→ What is being asked: Give back exactly the lines from the one containing "this 1280×1882 image." through the end of the records, including both, and no others.

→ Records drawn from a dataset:
----------------------------------------
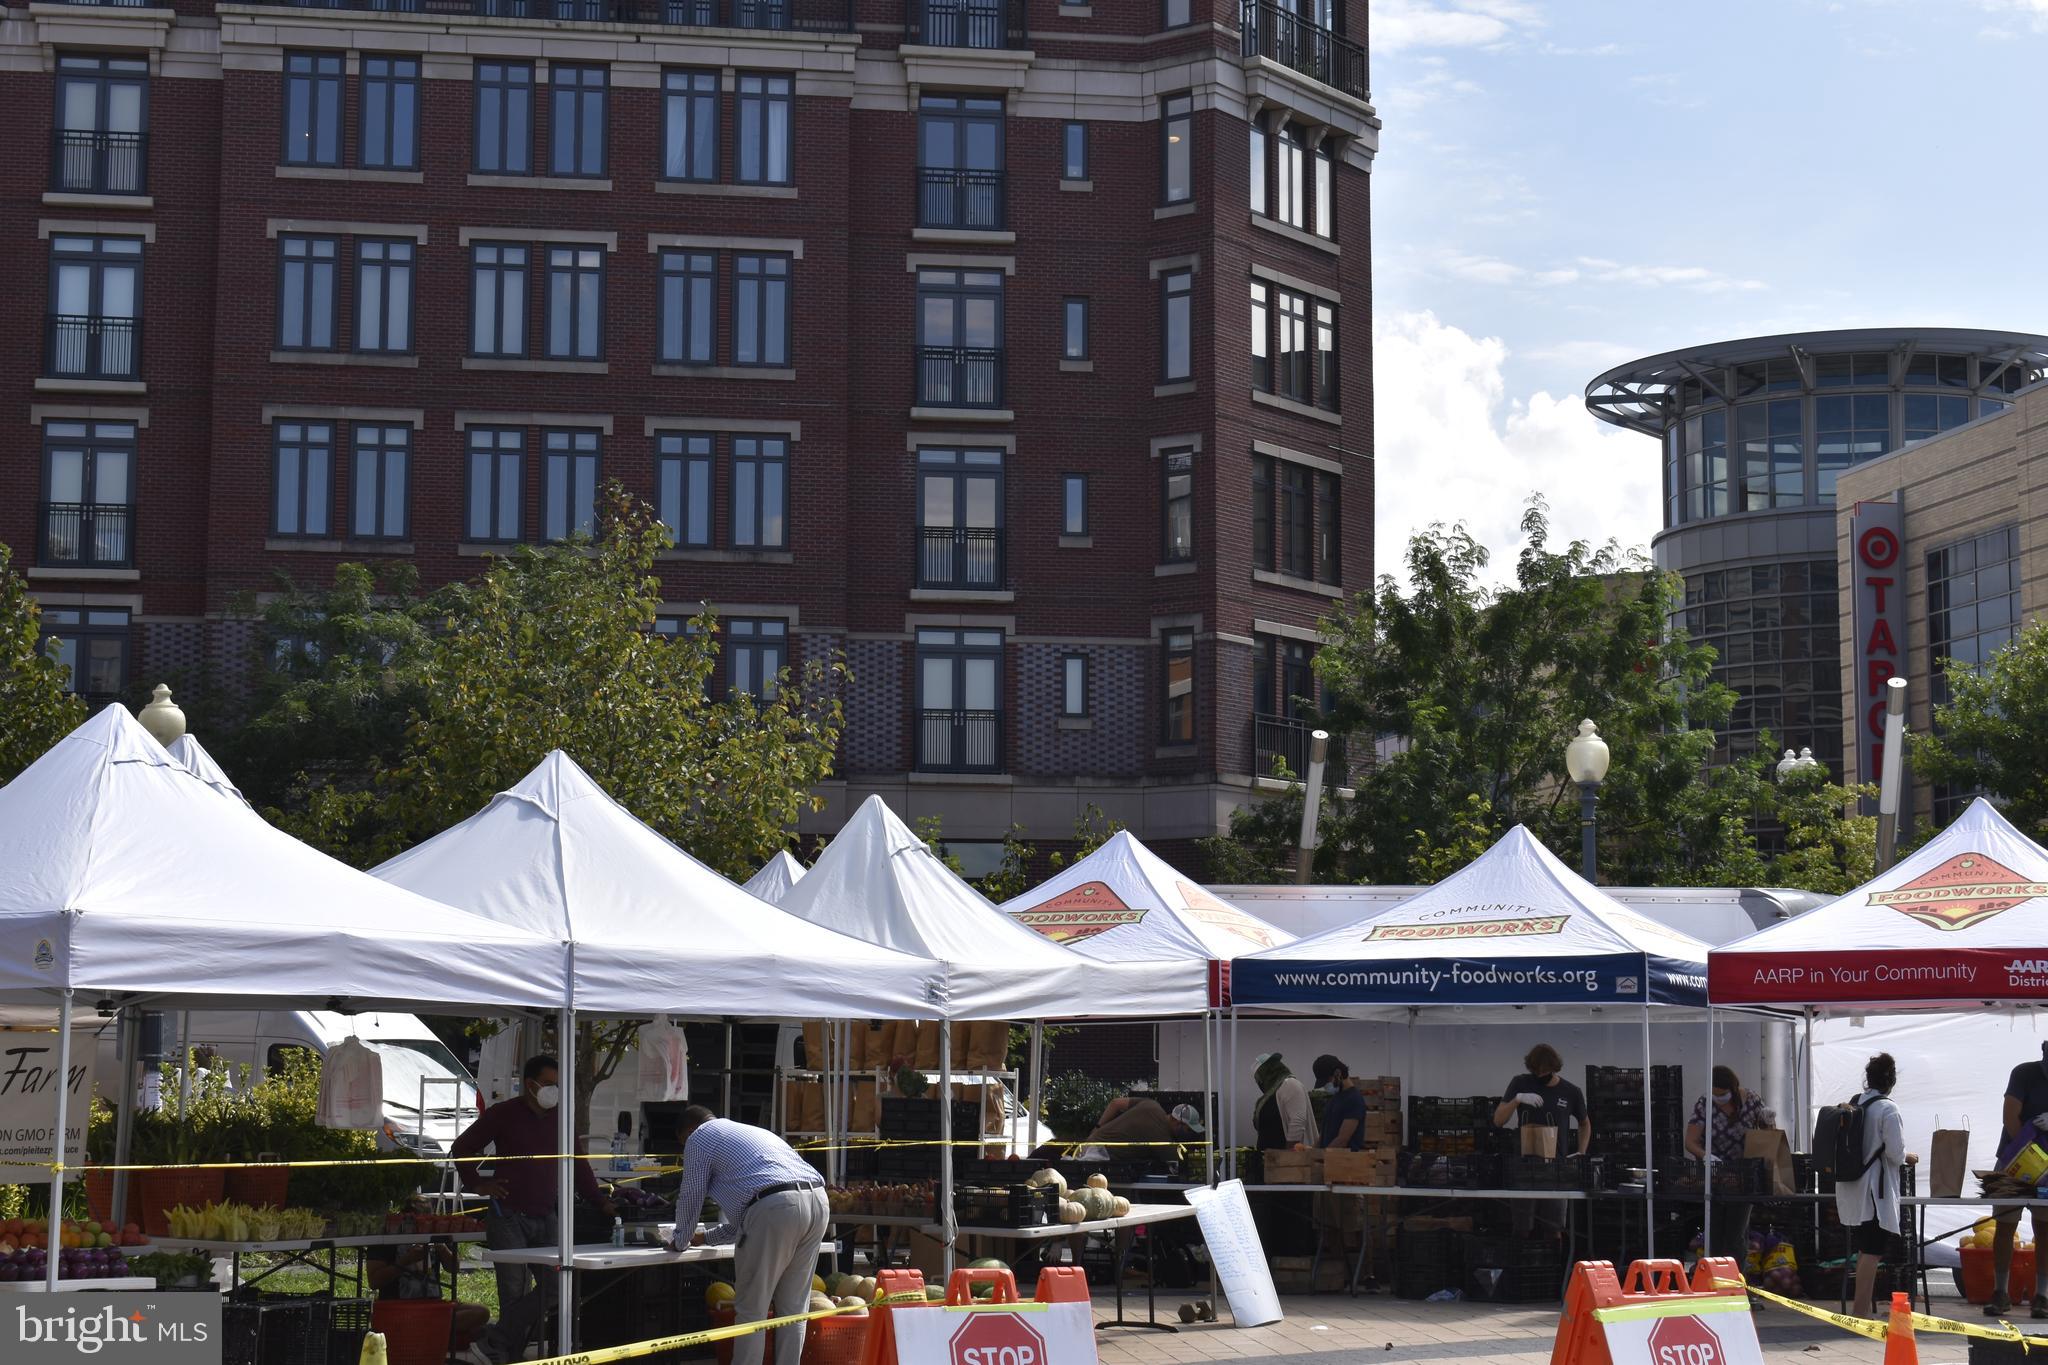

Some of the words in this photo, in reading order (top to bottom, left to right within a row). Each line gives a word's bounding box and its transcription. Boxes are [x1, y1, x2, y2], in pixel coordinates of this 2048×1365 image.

[1878, 884, 2048, 903] FOODWORKS
[1418, 903, 1537, 921] COMMUNITY
[1379, 918, 1556, 939] FOODWORKS
[1274, 963, 1599, 992] www.community-foodworks.org
[1754, 967, 1805, 984] AARP
[1810, 967, 1825, 983] in
[1829, 967, 1870, 983] Your
[1875, 962, 1978, 983] Community
[15, 1128, 46, 1141] GMO
[48, 1127, 81, 1141] FRM
[963, 1345, 1034, 1365] STOP
[1660, 1343, 1714, 1365] STOP
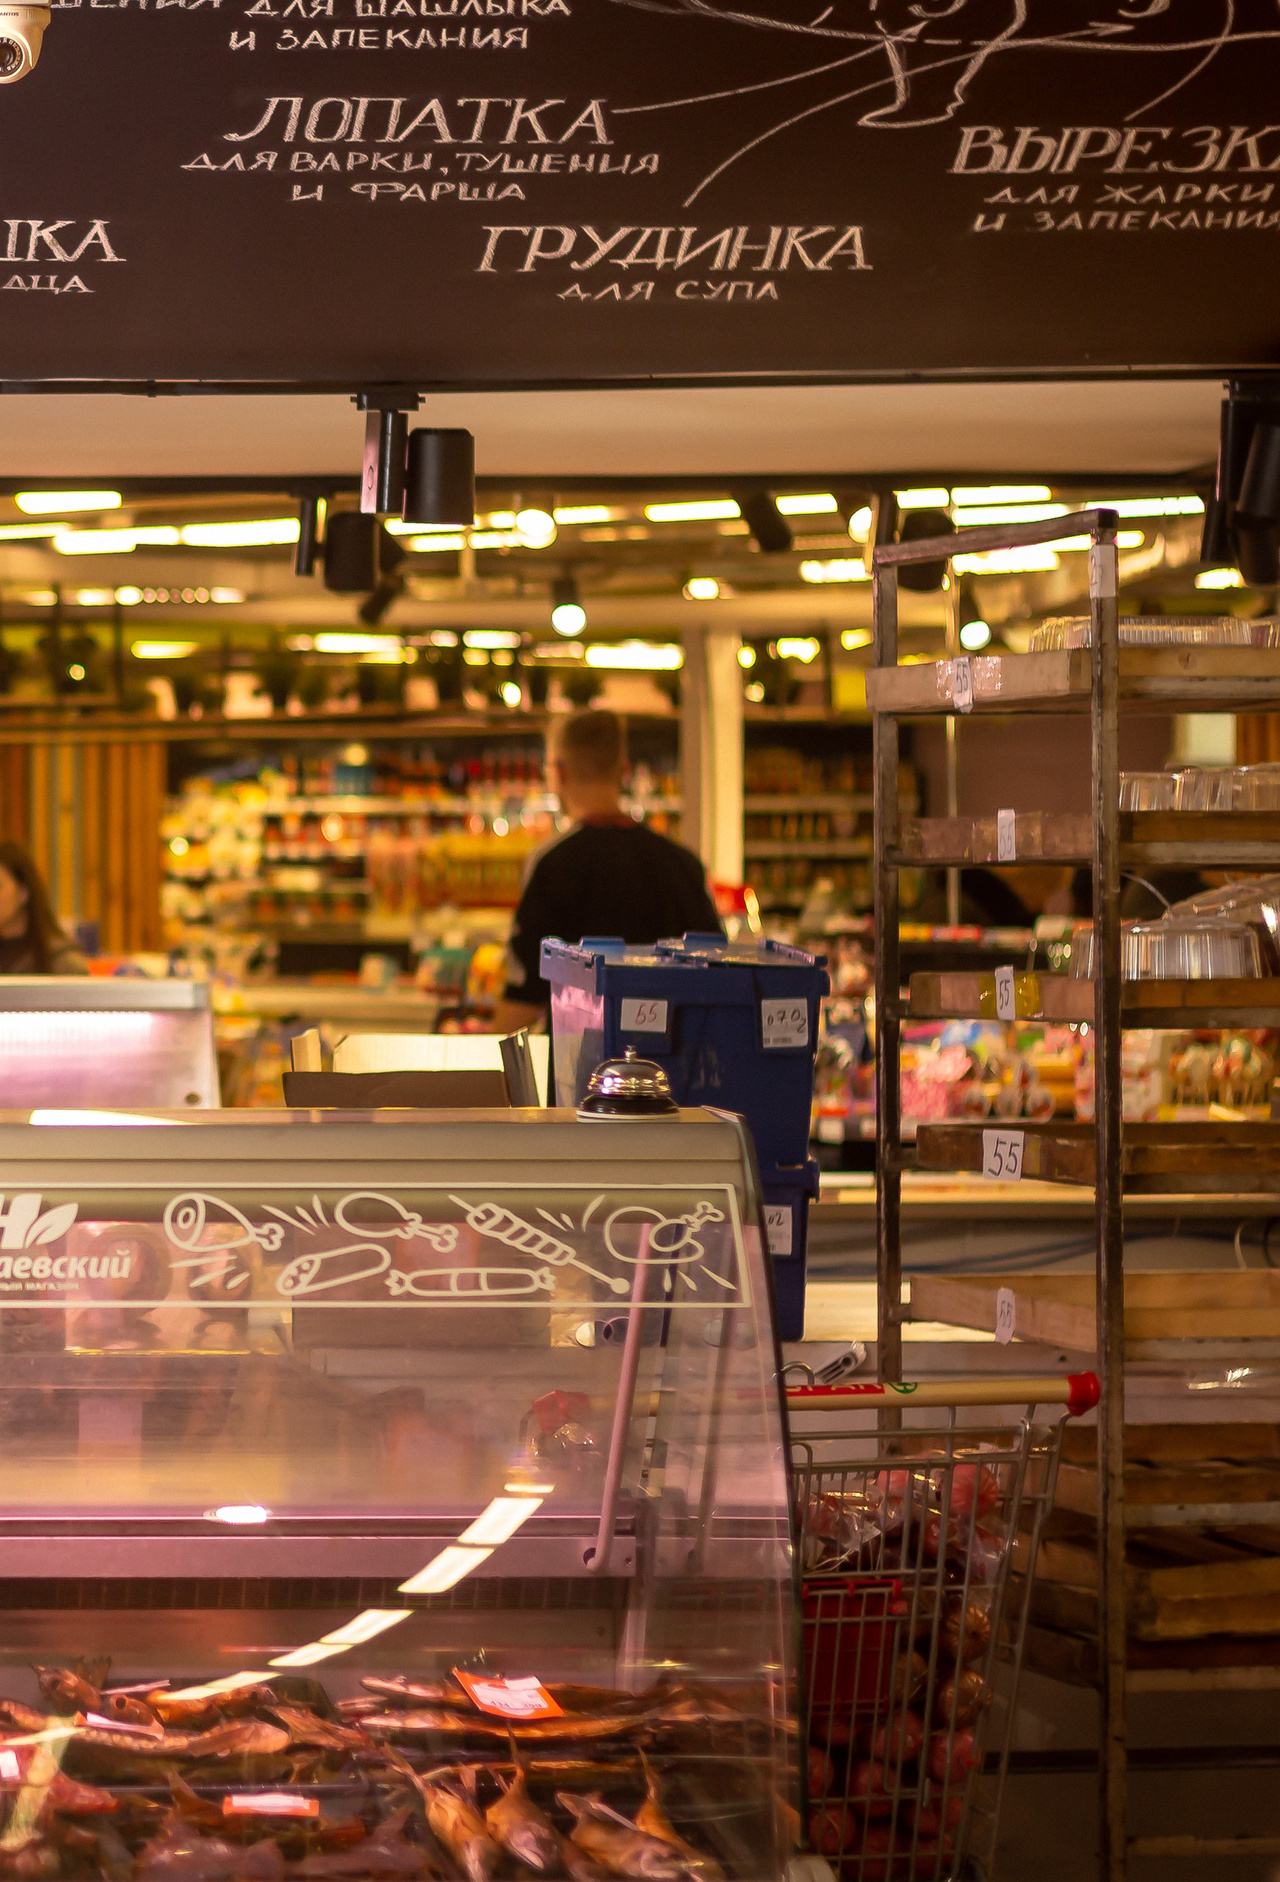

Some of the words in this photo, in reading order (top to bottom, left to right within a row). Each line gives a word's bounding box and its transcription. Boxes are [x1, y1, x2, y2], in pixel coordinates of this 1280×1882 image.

[244, 0, 333, 18] ДЛЯ
[356, 0, 571, 17] ШАШЛЫКА
[229, 30, 256, 50] И
[276, 27, 528, 50] ЗАПЕКАНИЯ
[223, 96, 615, 145] ЛОПАТКА
[181, 151, 278, 171] ДЛЯ
[289, 151, 449, 176] ВАРКИ,
[455, 152, 660, 174] ТУШЕНИЯ
[292, 184, 324, 201] И
[350, 181, 526, 202] ФАРША
[983, 184, 1080, 204] ДЛЯ
[1095, 183, 1275, 204] ЖАРКИ
[973, 212, 1007, 232] И
[474, 224, 873, 273] ГРУДИНКА
[556, 280, 656, 301] ДЛЯ
[674, 280, 779, 301] СУПА
[987, 1136, 1020, 1176] 55
[25, 1282, 79, 1291] МАГАЗИН
----------------------------------------
→ Answer to this problem:
Some of the words in this photo, in reading order (top to bottom, left to right within a row). Each line gives a word's bounding box and its transcription. Boxes are [x1, y1, x2, y2], in pixel coordinates of this 1280×1882 image.

[244, 0, 333, 18] ДЛЯ
[356, 0, 571, 17] ШАШЛЫКА
[229, 30, 256, 50] И
[276, 27, 528, 50] ЗАПЕКАНИЯ
[223, 96, 615, 145] ЛОПАТКА
[181, 151, 278, 171] ДЛЯ
[289, 151, 449, 176] ВАРКИ,
[455, 152, 660, 174] ТУШЕНИЯ
[292, 184, 324, 201] И
[350, 181, 526, 202] ФАРША
[983, 184, 1080, 204] ДЛЯ
[1095, 183, 1275, 204] ЖАРКИ
[973, 212, 1007, 232] И
[474, 224, 873, 273] ГРУДИНКА
[556, 280, 656, 301] ДЛЯ
[674, 280, 779, 301] СУПА
[987, 1136, 1020, 1176] 55
[25, 1282, 79, 1291] МАГАЗИН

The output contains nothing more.